Sur les éléments apportés par l'employeur pour justifier cette différence de traitement Il ressort des écritures de la société GRTgaz qu'elle conteste toute différence de traitement et s'appuie pour cela sur la comparaison des situations à l'embauche alors même qu'il s'agit de comparer une évolution de carrière. Il convient de préciser qu'aucun reproche n'est fait à Mme [H] sur la qualité de son travail. La société GRTgaz produit un document comparatif des évolutions de carrière de plusieurs agents dont ceux qui ont été retenus par le conseil. Ce comparatif retrace l'évolution en termes de GF (en ordonnée) et de NR (en abscisse), mais ne fait pas apparaître la donnée de temps de sorte qu'il n'est pas possible de savoir si la comparaison porte sur une même période pour tous les agents.
En ce qui concerne M. [P], l'employeur évoque ses 23 ans de carrière et non l'évolution de sa carrière entre 2011 et 2016. En ce qui concerne Mme [G], la société évoque sa classification à l'embauche et son ancienneté, mais ne répond pas sur l'évolution présentée sur les cinq années.
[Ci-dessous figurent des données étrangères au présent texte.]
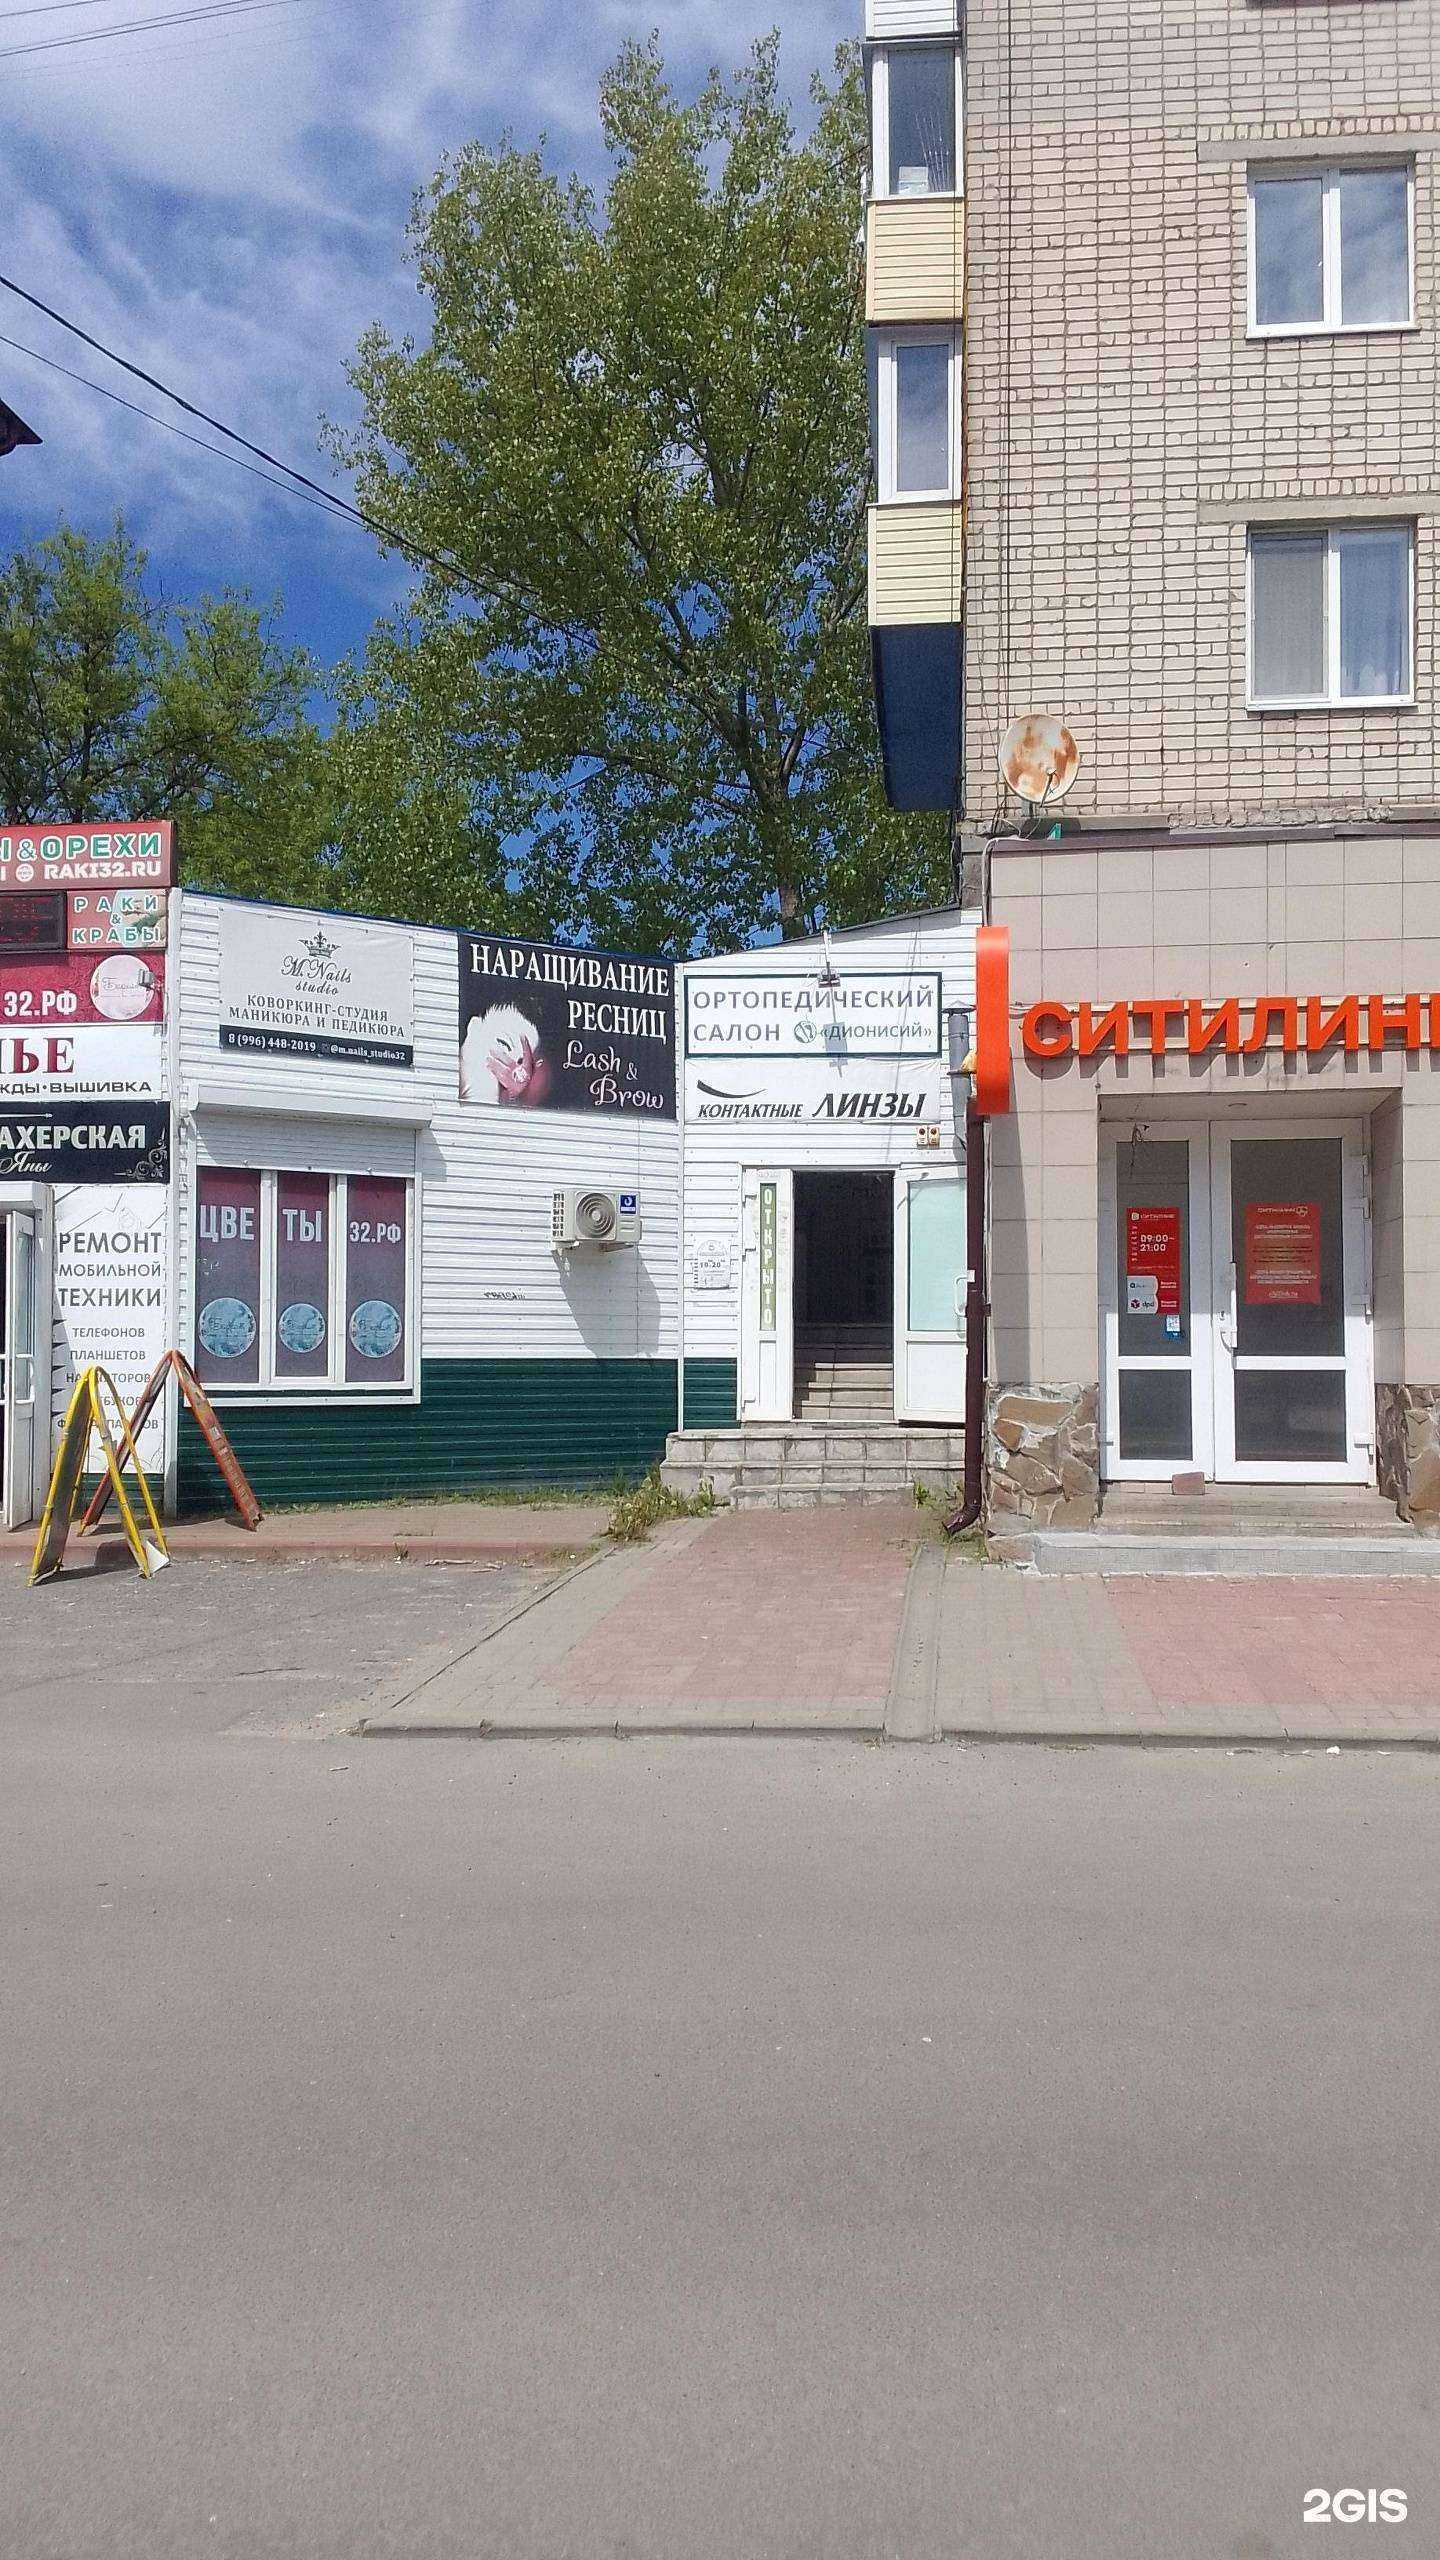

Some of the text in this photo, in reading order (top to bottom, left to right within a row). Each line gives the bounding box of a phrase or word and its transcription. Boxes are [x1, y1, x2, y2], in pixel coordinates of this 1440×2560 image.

De même pour Mme [U]. Quant à Mme [M], seule sa classification à l'embauche est évoquée. Il convient d'en conclure que l'employeur échoue à justifier la différence de traitement entre les salariés retenus pour la comparaison en ce qu'il n'apporte aucun élément objectif justifiant que, sur ces cinq années, les salariés en question aient bénéficié d'une évolution de carrière plus satisfaisante que Mme [H]. Mme [H] a donc bien été victime d'une inégalité de traitement. Il convient, dès lors, de déterminer quelle classification aurait été la sienne si elle avait été traitée comme ses collègues.
Sur la classification à octroyer à Mme [H]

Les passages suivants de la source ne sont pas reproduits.